Set mainly in a remote area of County Kerry in the ’40s and ’50s, Jane Urquhart’s stunning new novel is at once intimate and epic in scope.
Tam, an English woman in her thirties, has been living in this harshly beautiful region since shortly after the war, in which she served as an auxiliary pilot. She is now leaving her lover, Niall, who, like his father before him, is a meteorologist.
The airliner she is travelling on becomes grounded by fog at Gander Airport, Newfoundland. As she waits, she regards an enigmatic mural, and revisits not only the circumstances that brought her to Ireland but her intense relationship with Niall and his growing despondency over his younger brother Kieran’s disappearance years before.
We learn of Kieran’s troubled childhood and the tragedy that caused him as a boy to be separated from home and taken in by a widowed countrywoman who lives in the mountains behind the town. He comes to know the local people, among them a tailor, a fisherman-teacher, and a sheep farmer who is a great philosopher. There is also the jeweller’s daughter, a young woman who will come to change the course of several lives.
Running parallel is the story of Canadian artist Kenneth Lochhead and how he created the mural that is Tam’s only companion through three long days and nights.
An elegiac novel of emotional depth that vividly evokes a time and a place, The Night Stages explores the meaning of separation, the sorrows of fractured families, and the profound effect of home in a world where a way of life is changing. It is Jane Urquhart’s richest, most rewarding novel to date.

About the author

Jane Urquhart was born in the far north of Ontario. She is the author of eight internationally acclaimed novels, among them The Whirlpool, which received France’s Prix du Meilleur Livre Étranger; Away, winner of the Trillium Award, The Underpainter, winner of the Governor General’s Award and a finalist for the Orange Prize in the UK and The Stone Carvers, which was a finalist for the Giller Prize, the Governor General’s Award and Britain’s Booker Prize. She is also the author of a collection of short fiction and four books of poetry. She has written a biography of Lucy Maud Montgomery and was editor of the Penguin Book of Canadian Short Stories. Her work, which is published in many countries, has been translated into numerous foreign languages. Urquhart has received the Marian Engel Award and the Harbourfront Festival Prize. She is a Chevalier dans l’Ordre des Arts et des Lettres in France and is an Officer of the Order of Canada.
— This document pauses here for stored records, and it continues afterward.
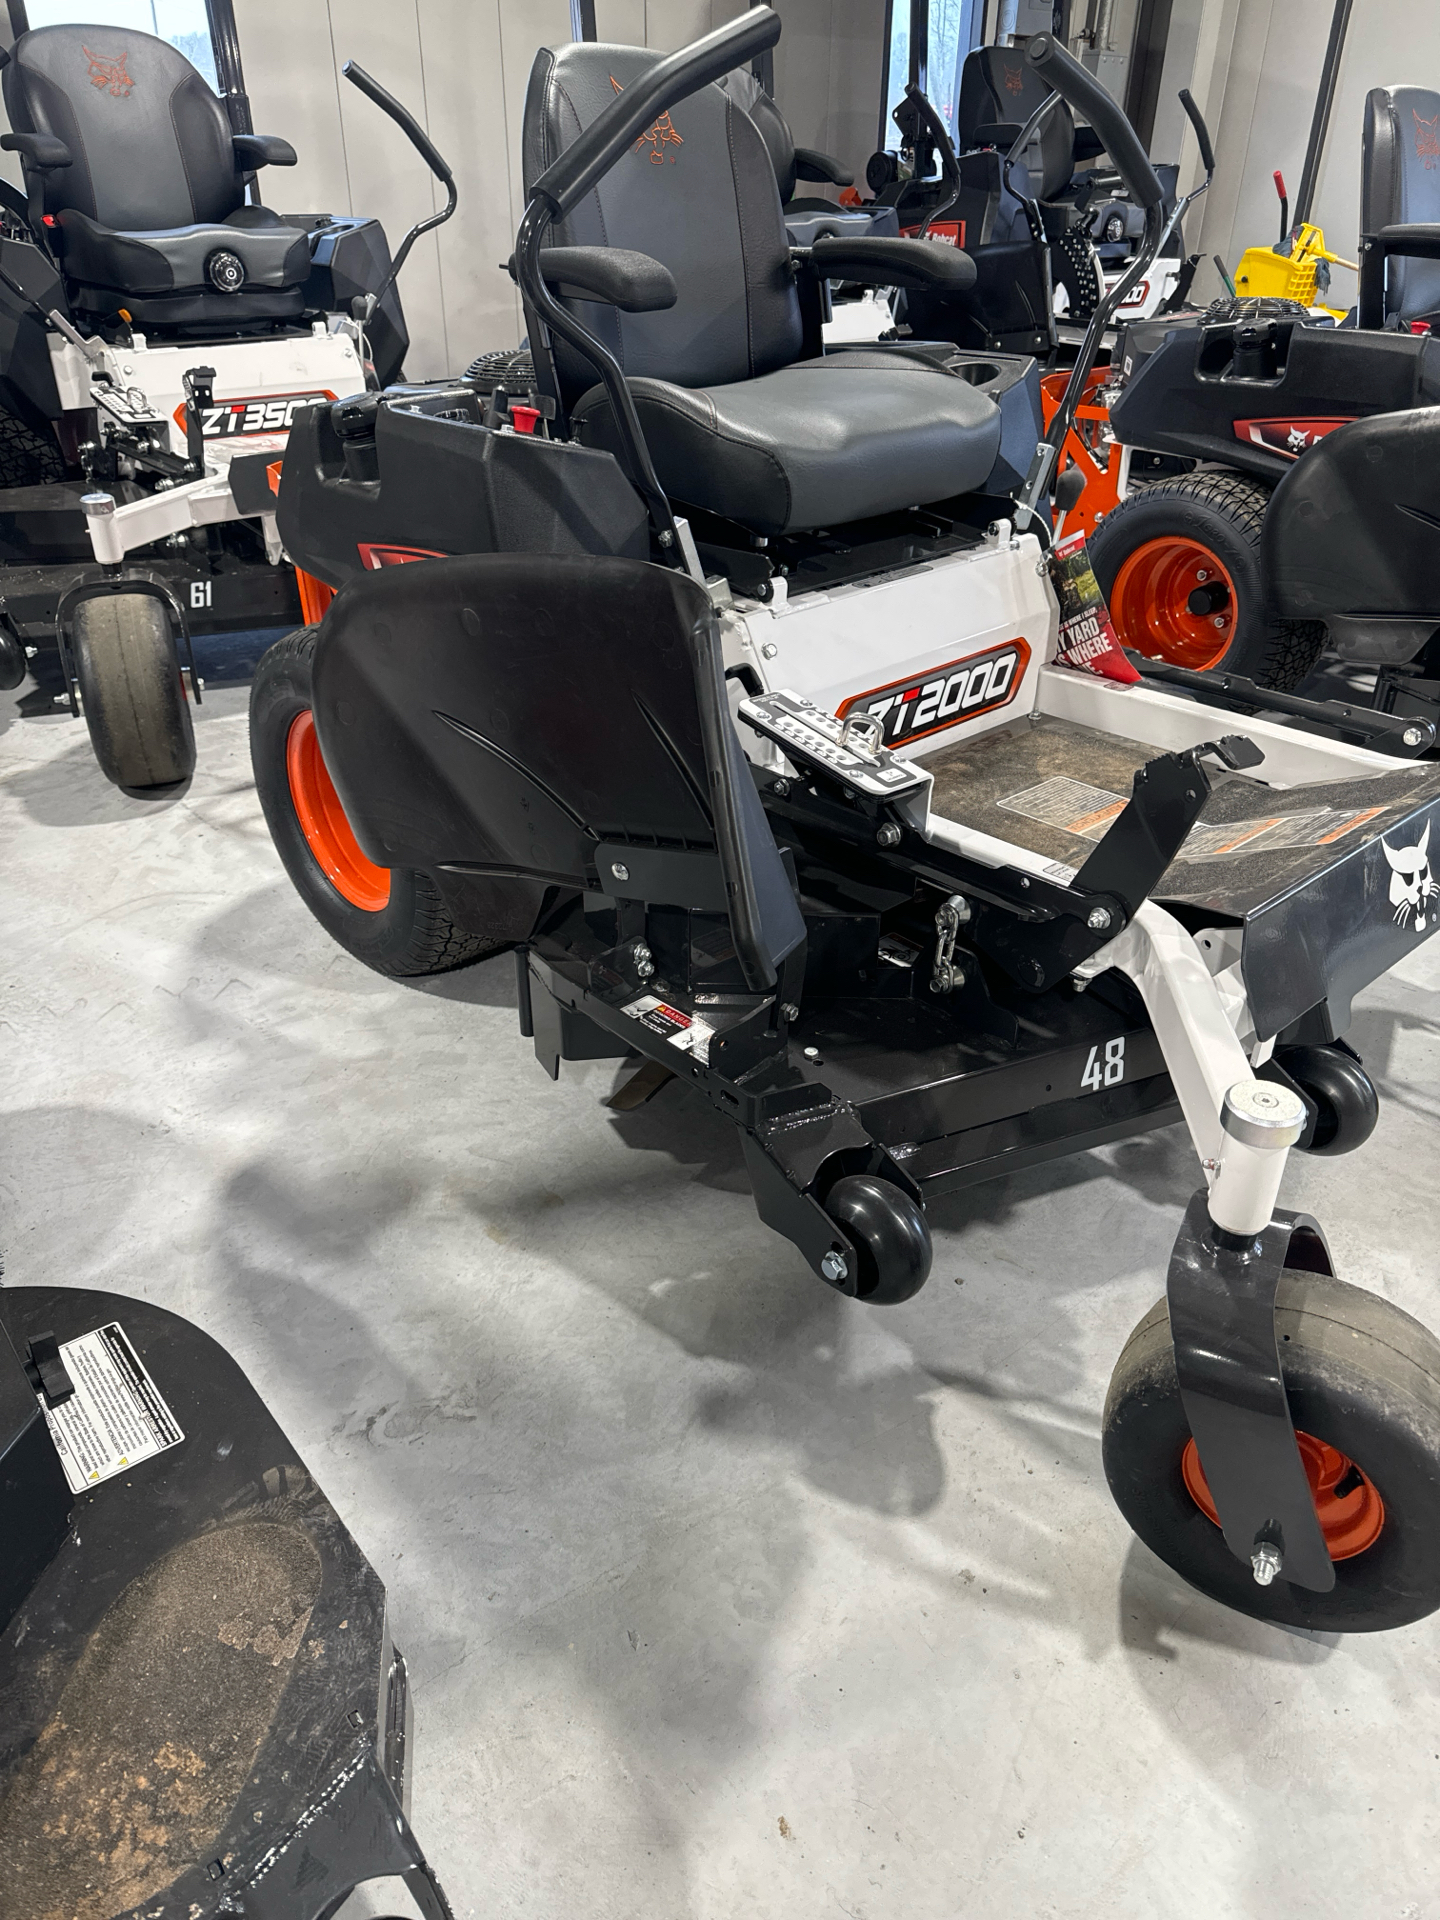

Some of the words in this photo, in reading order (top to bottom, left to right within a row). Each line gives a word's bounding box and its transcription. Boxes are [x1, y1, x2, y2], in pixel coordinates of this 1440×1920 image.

[202, 397, 329, 435] ZT350
[190, 580, 212, 609] 61
[1066, 616, 1100, 647] YARD
[1066, 632, 1113, 665] WHERE
[864, 652, 1018, 737] ZT2000
[1080, 1036, 1126, 1091] 48
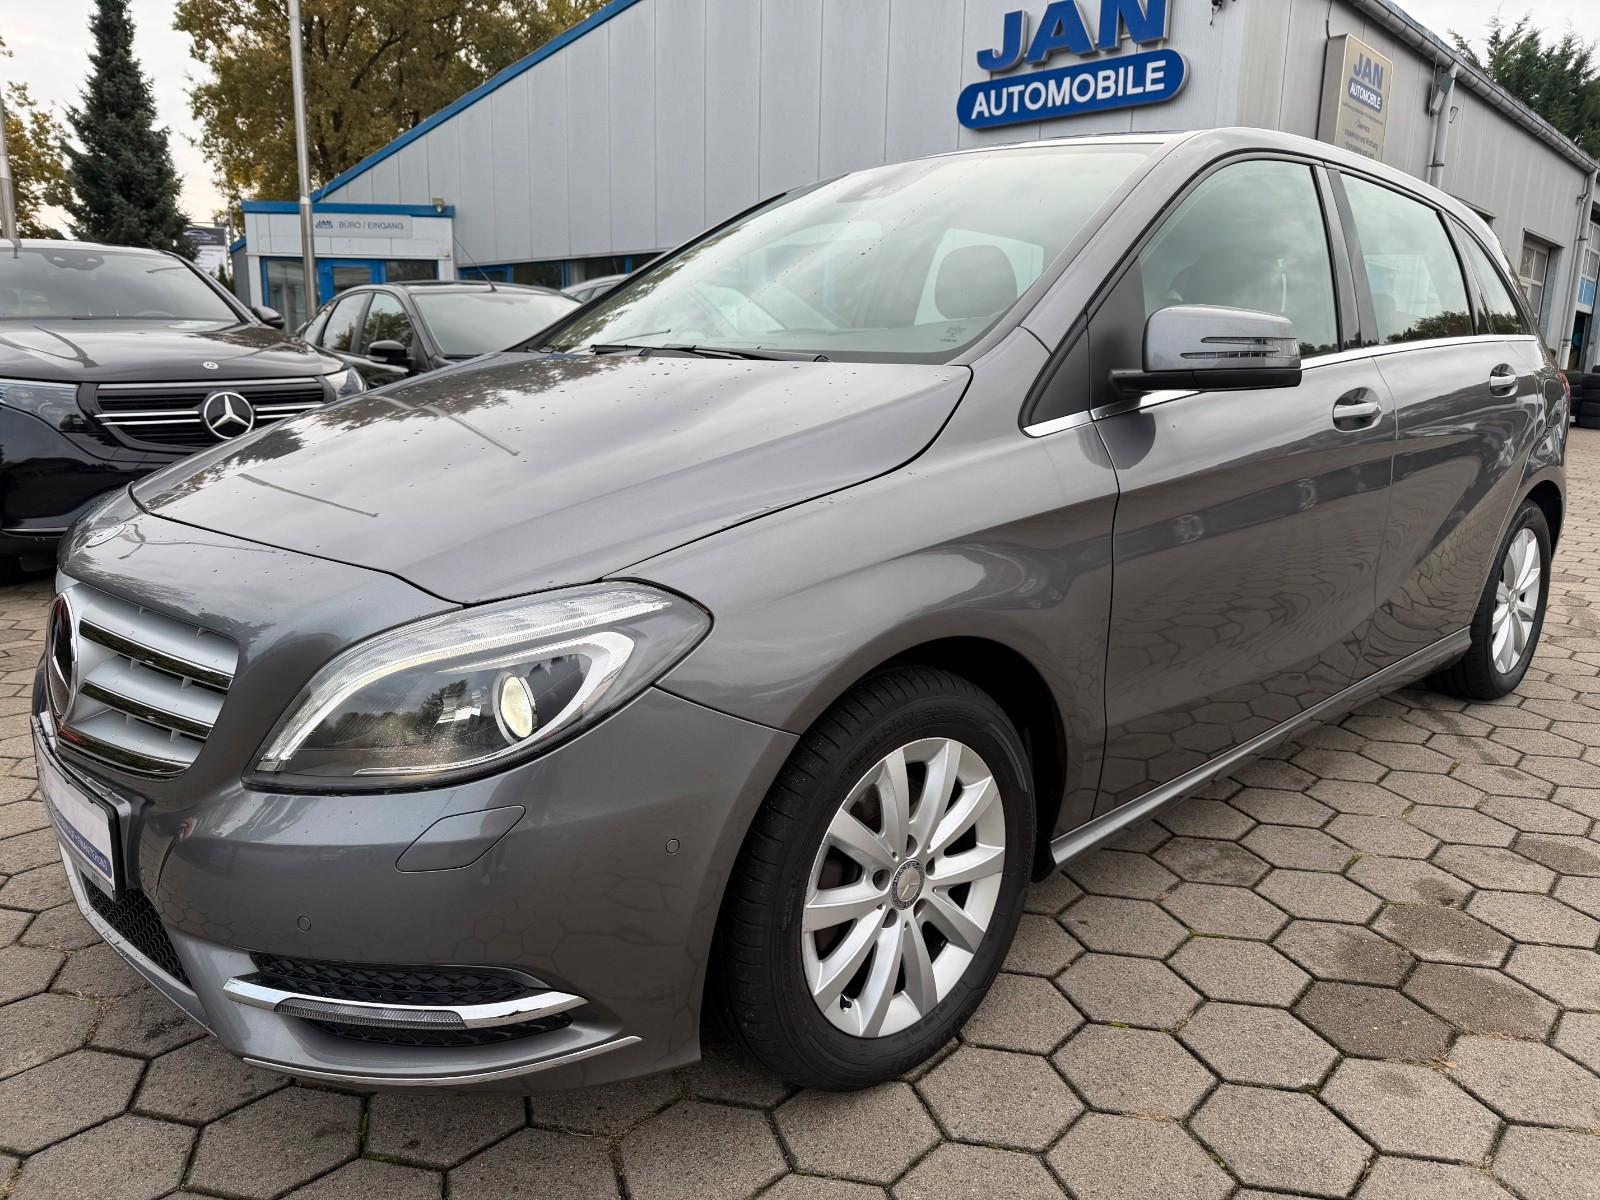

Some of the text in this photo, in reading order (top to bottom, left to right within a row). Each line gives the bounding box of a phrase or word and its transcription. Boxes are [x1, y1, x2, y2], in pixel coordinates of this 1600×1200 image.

Urquhart has received ten honorary doctorates from Canadian universities, including the University of Toronto, University of Western Ontario and the Royal Military College of Canada. She has served on the Board of PEN Canada, on the Advisory Board for the Restoration of the Vimy Memorial and on several international prize juries including that of the International Dublin IMPAC Award, the Giller Prize, the Governor General’s Award for Fiction and the American International Neustadt Award.

Her most recent novel, The Night Stages, was released in 2015 by Farrar, Straus and Giroux in the US, McClelland and Stewart in Canada and Oneworld in the UK.

Urquhart lives in southeastern Ontario with her husband, artist Tony Urquhart.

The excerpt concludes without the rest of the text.